DATA FOR ANALYSIS: Begin

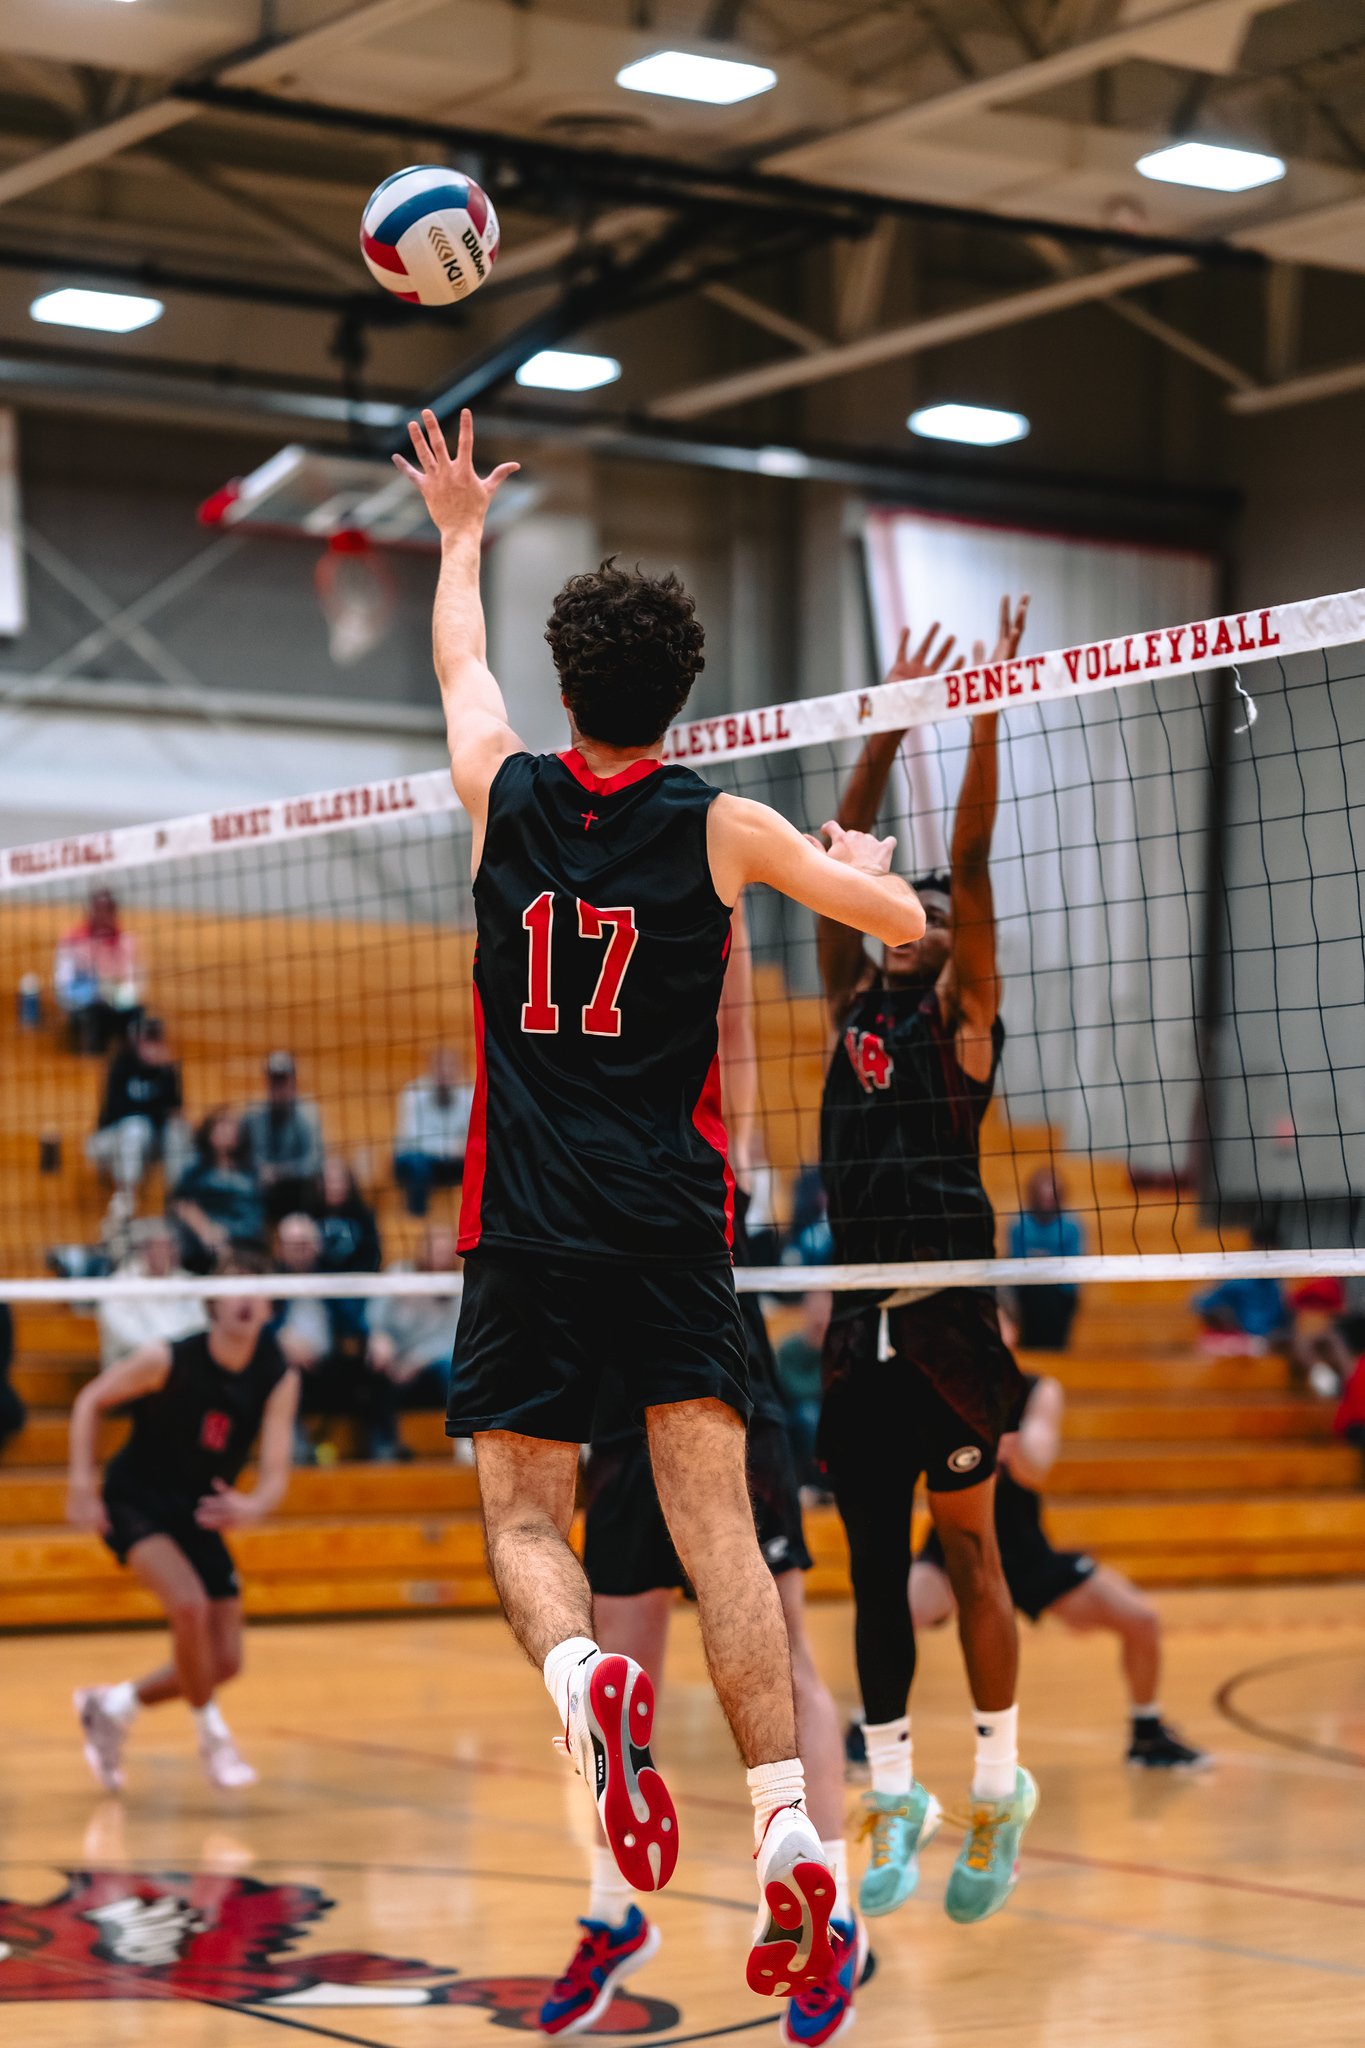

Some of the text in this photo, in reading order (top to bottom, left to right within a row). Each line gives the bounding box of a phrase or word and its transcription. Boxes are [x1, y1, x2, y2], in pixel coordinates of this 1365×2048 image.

[461, 227, 485, 281] Wilson
[943, 610, 1281, 709] BENET VOLLEYBALL
[662, 708, 791, 760] LEYBALL
[520, 890, 639, 1038] 17

DATA FOR ANALYSIS: End

EXERCISE OBJECTIVE: A faithful copy of every record is needed here. Leave the images out of it.

REPLY TO THE TASK:
Some of the text in this photo, in reading order (top to bottom, left to right within a row). Each line gives the bounding box of a phrase or word and its transcription. Boxes are [x1, y1, x2, y2], in pixel coordinates of this 1365×2048 image.

[461, 227, 485, 281] Wilson
[943, 610, 1281, 709] BENET VOLLEYBALL
[662, 708, 791, 760] LEYBALL
[520, 890, 639, 1038] 17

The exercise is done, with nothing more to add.